Little did Carpenter know that joining the band would be the beginning of nearly 30 years’ worth of unending touring, doing 60 to 70 shows a year. When they’re not touring Carpenter and the other band members – Jeff Hanna on the guitar, Jimmie Fadden on the drums and John McEuen switching up between the guitar, banjo, fiddle and mandolin – return to their individual homes across the country. Carpenter said that after working together so long, it doesn’t matter that the band doesn’t live in the same area.

“We’ve (been) on the road so much in the last 45 years that it hardly matters where we do our laundry,” he said, adding that their dedicated fan base has kept them together.

And Carpenter said the best place for those fans to experience their music is at a live show, which takes on an entirely different feel than their studio work.

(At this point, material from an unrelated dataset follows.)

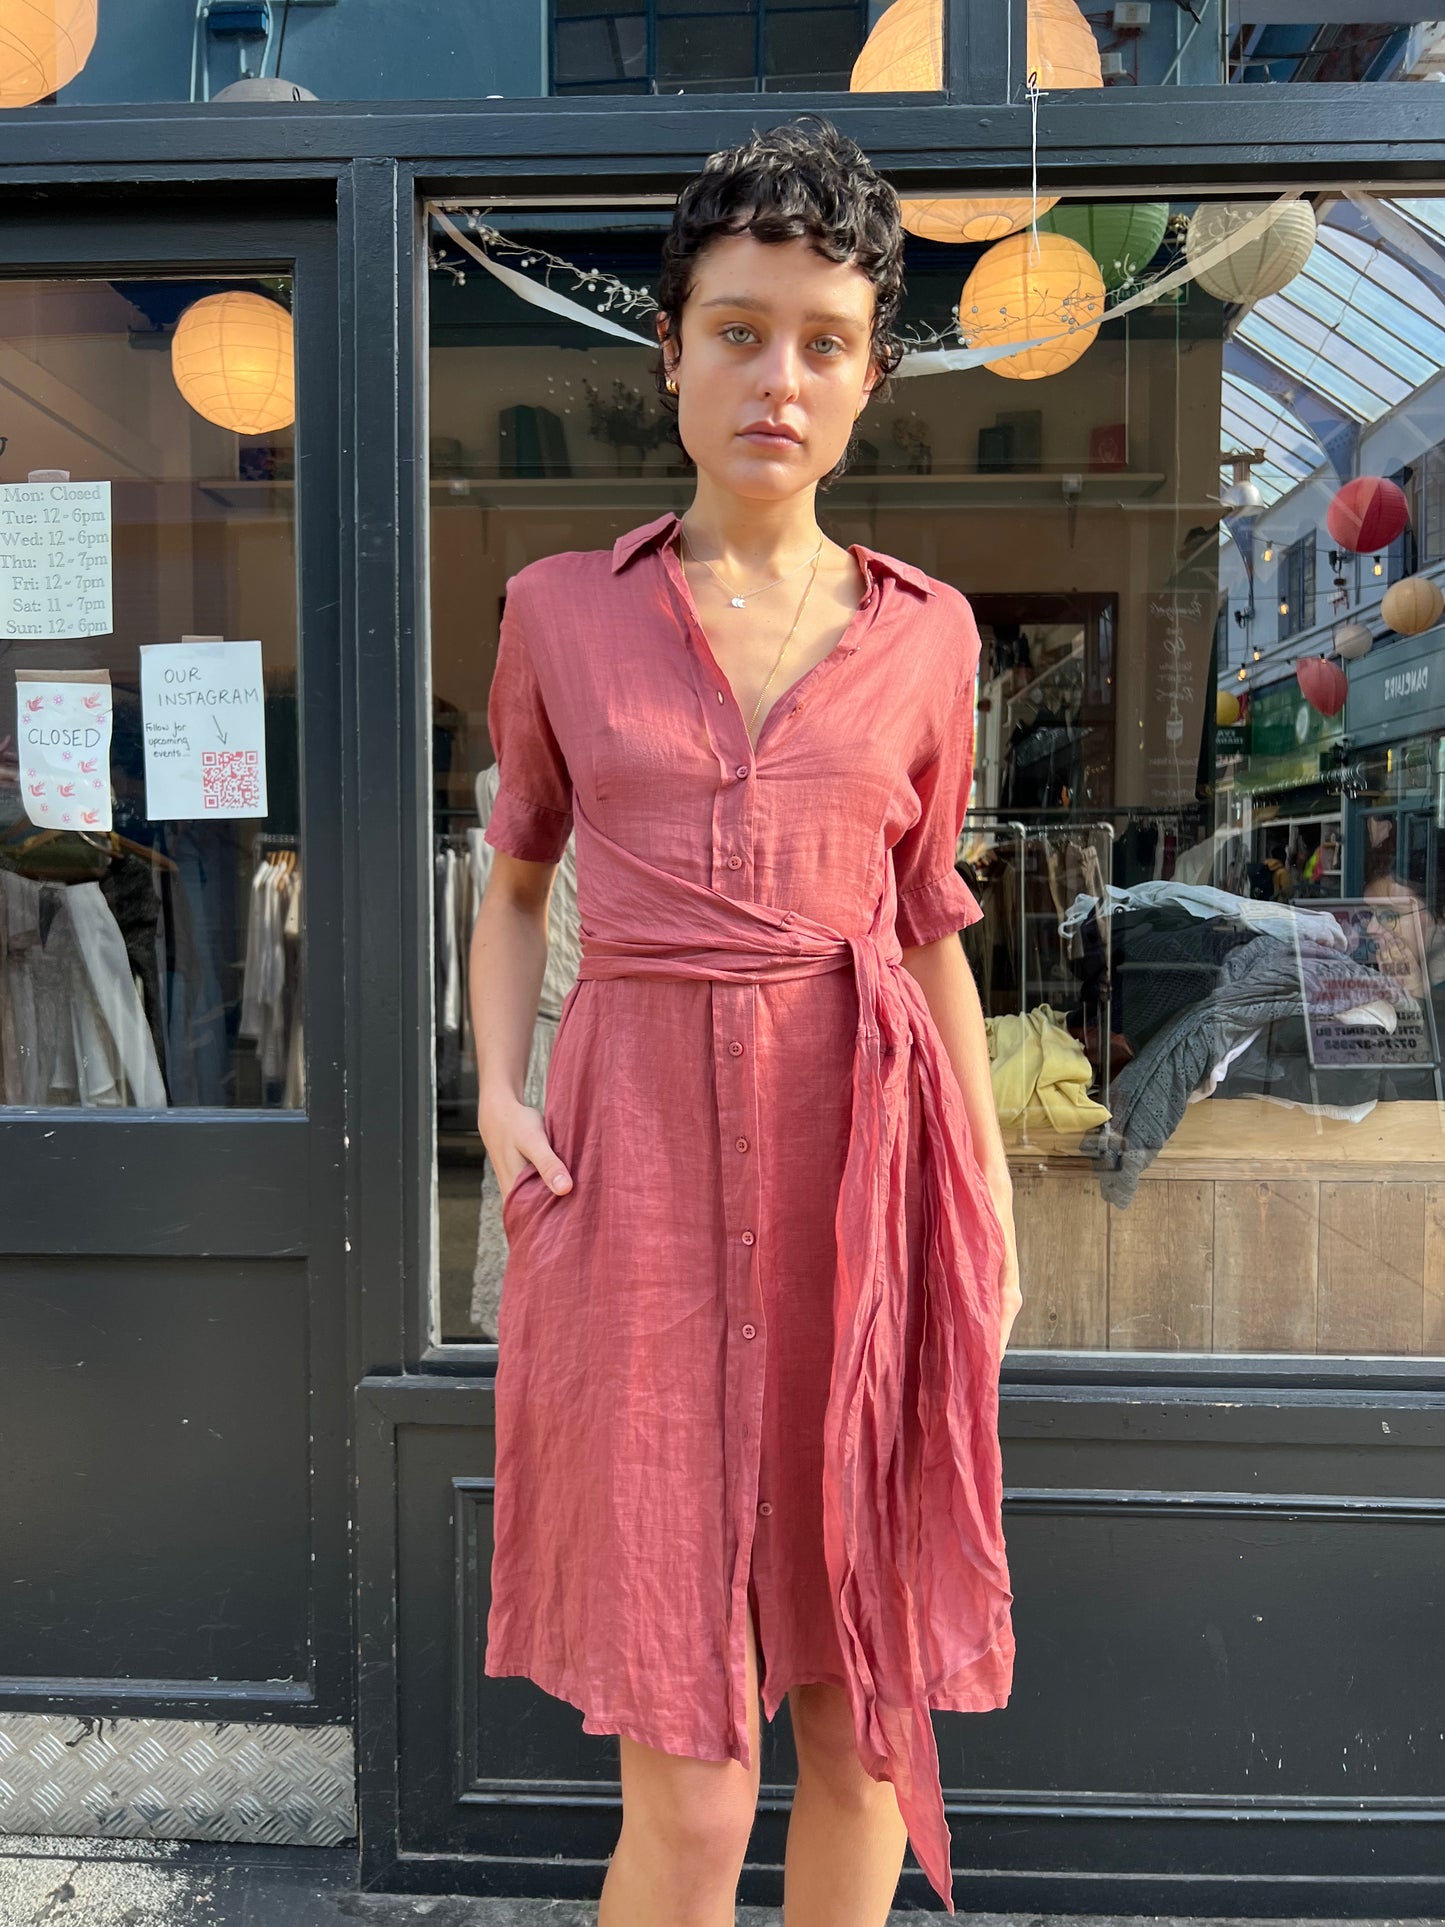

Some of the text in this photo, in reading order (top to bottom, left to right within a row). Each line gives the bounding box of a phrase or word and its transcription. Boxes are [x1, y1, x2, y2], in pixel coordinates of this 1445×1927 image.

“When you get energy back from the audience, it’s a different performance,” he said.

Fans who travel to Libby to see them on Saturday can expect that same type of energy. Carpenter said they plan on giving the audience a resume of their work, from its beginnings in the 1960s to their most recent stuff, featured on their 2009 studio album “Speed of Life.”

“We try and give them a little taste of everything,” he said.

According to Patricia Ryan of International Special Attractions, the Nitty Gritty Dirt Band has played in Libby before and its down-home country music played well to the local crowd.

“People are ready to have them back,” Ryan said, adding that more often than not, the band sells out its Montana shows.

One of the people who can’t wait to see them again is Nate Norman, bass player for the Copper Mountain Band, who will be opening the show on July 9.

The five-piece group from Troy has, like the Nitty Gritty Dirt Band, gathered a strong local following, which has helped them as they toured the West and even France this spring. Norman said that their brand of high-energy country music reflects a lot of different influences, including Saturday’s headliner.

“We’ve gotten to do some amazing things with amazing groups and they’re at the top,” he said. “They’re idols in my eyes.”

But one of the highlights for the band on Saturday will be playing for a local crowd and a good cause, said Norman, whose extended family has been affected by the deadly asbestos mining that took place near Libby.

“It’s pretty cool that we get to play at home,” Norman said. “We’re excited to be back in Libby and we hope we make a bunch of money for a great cause.”

That is the same hope shared by Betty Jo Wood, development officer for CARD, who is one of the main organizers for the event, something they hope could become a yearly tradition in Libby.

“It’s something we’ve kicked around for awhile,” she said. “Libby is starving for entertainment like this and we wanted to do something to benefit the community.”

Wood said to bring a lawn chair or a blanket to the concert, being held at J Neils Park along Montana Highway 37 starting at 8 p.m. Tickets are $20 in advance or $25 at the gate.

“We’re just really excited about it,” Wood said. “It’s going to be a fun event.”

For tickets and more information go to www.donatecardfoundation.org.